Saved entries
※

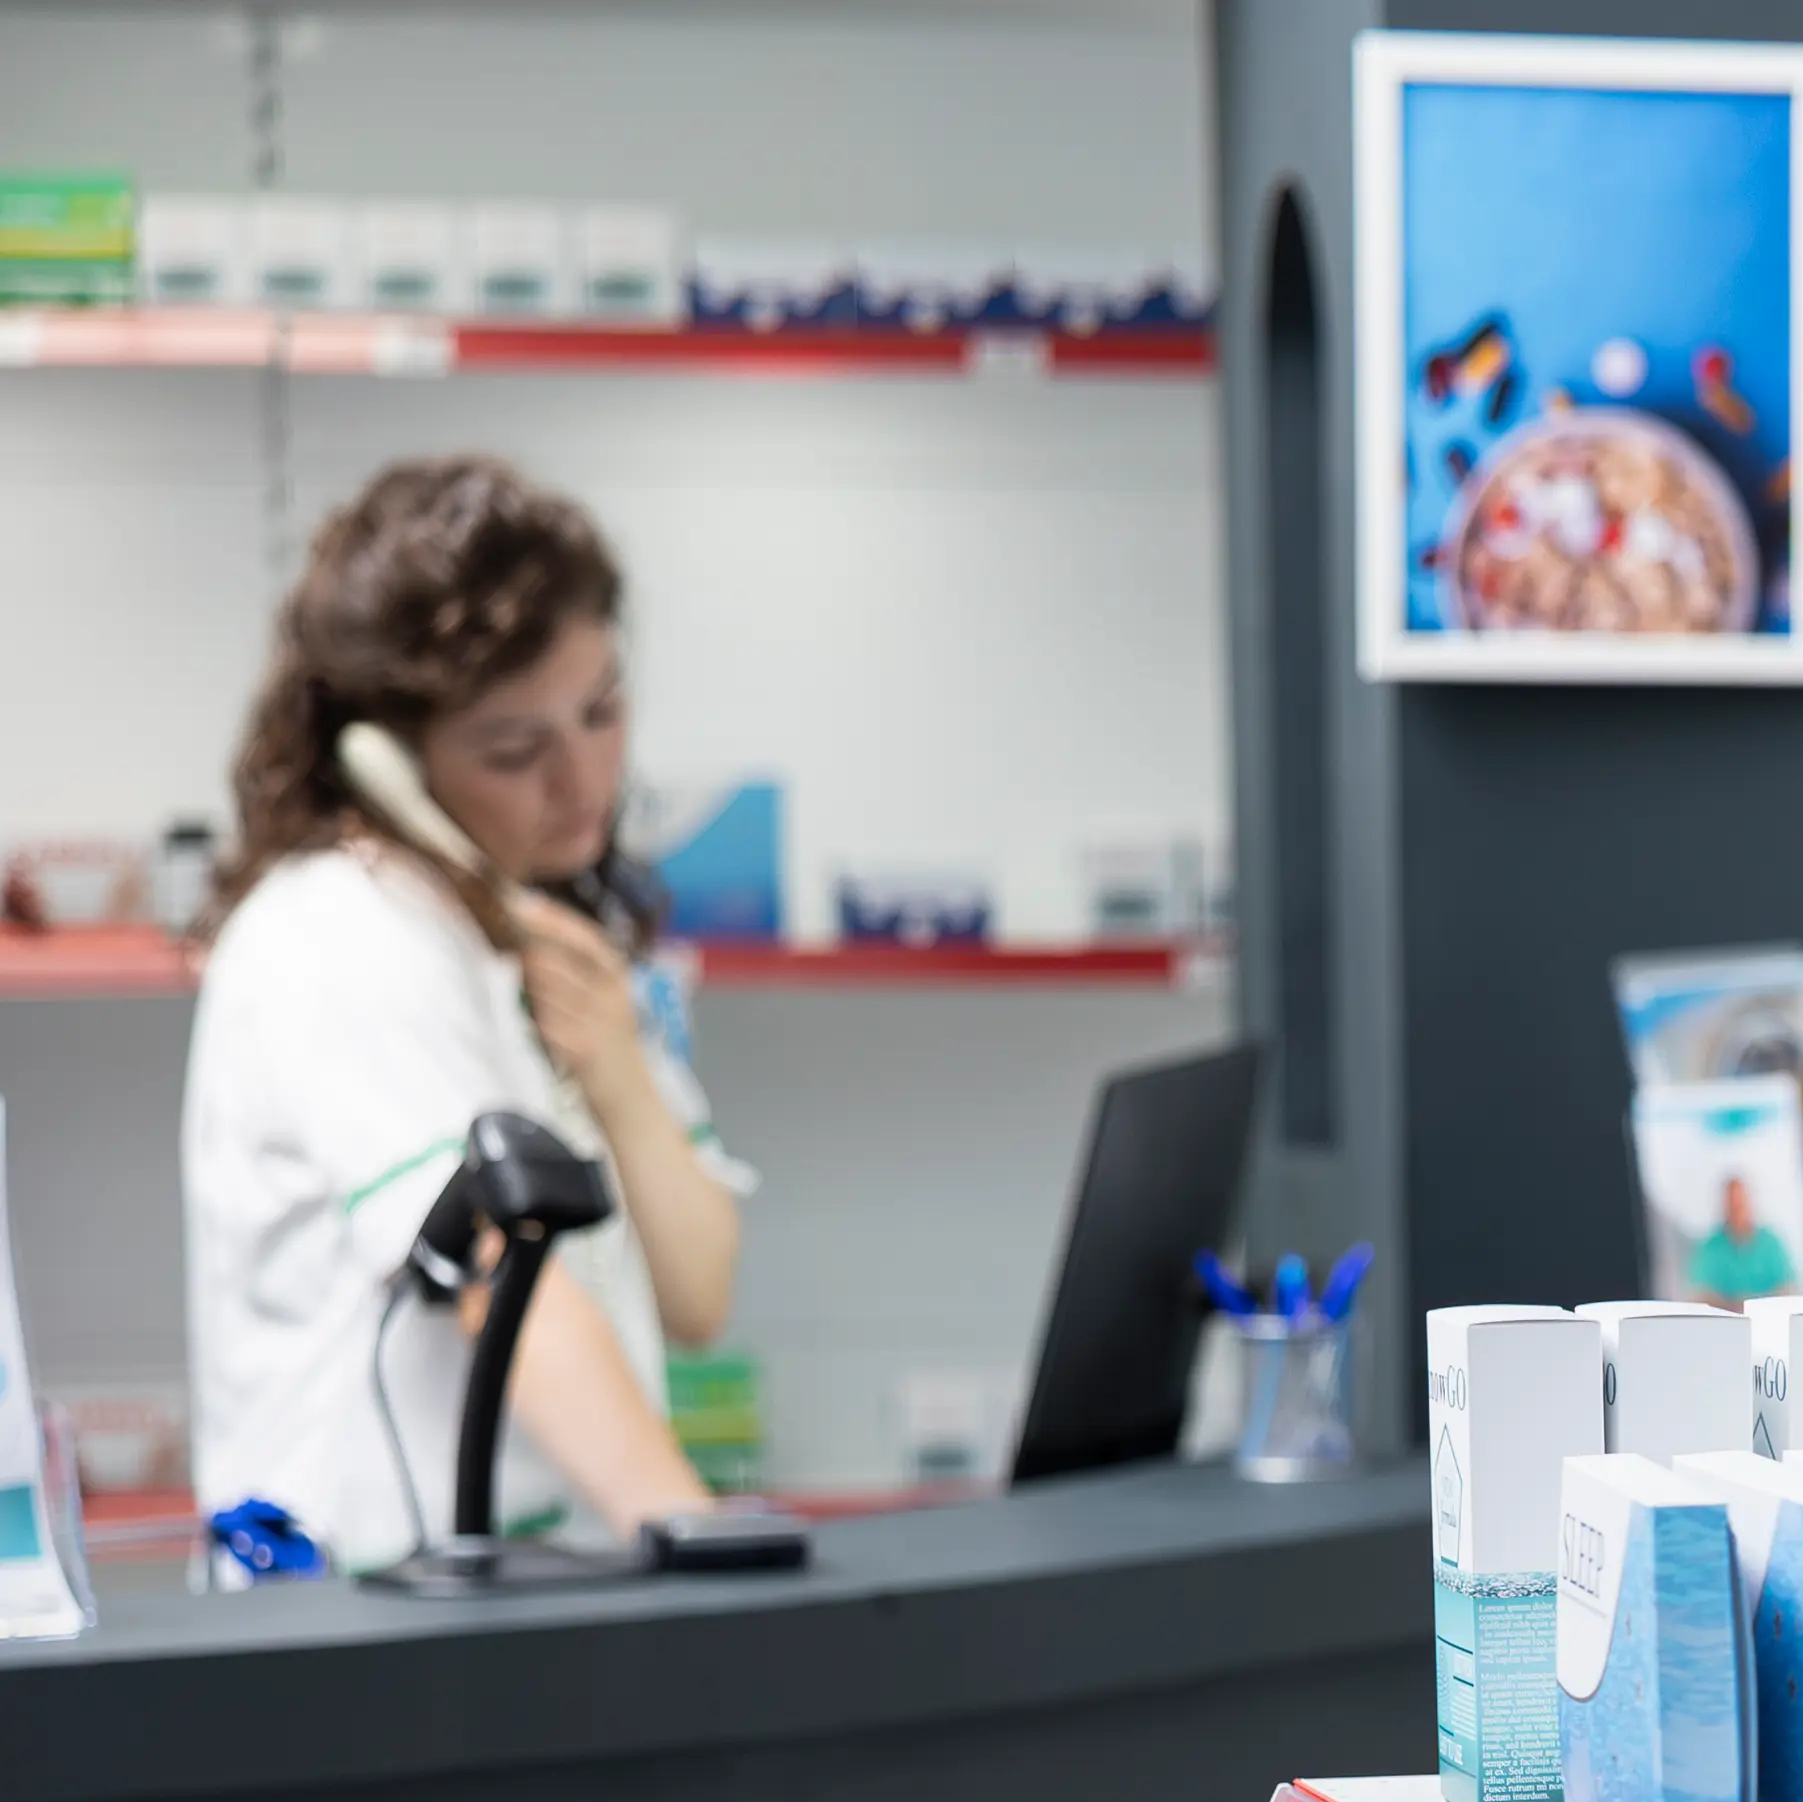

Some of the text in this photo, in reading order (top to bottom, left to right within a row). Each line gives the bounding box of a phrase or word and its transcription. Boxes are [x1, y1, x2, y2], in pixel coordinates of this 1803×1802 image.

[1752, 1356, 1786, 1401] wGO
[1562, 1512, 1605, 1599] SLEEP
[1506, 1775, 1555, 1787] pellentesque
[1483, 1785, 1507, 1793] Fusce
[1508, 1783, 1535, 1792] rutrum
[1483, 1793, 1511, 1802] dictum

※

- Directions for this task -
Where the data contains images, drop them and print the rest exactly.

- Result for this exercise -
Some of the text in this photo, in reading order (top to bottom, left to right within a row). Each line gives the bounding box of a phrase or word and its transcription. Boxes are [x1, y1, x2, y2], in pixel coordinates of this 1803×1802 image.

[1752, 1356, 1786, 1401] wGO
[1562, 1512, 1605, 1599] SLEEP
[1506, 1775, 1555, 1787] pellentesque
[1483, 1785, 1507, 1793] Fusce
[1508, 1783, 1535, 1792] rutrum
[1483, 1793, 1511, 1802] dictum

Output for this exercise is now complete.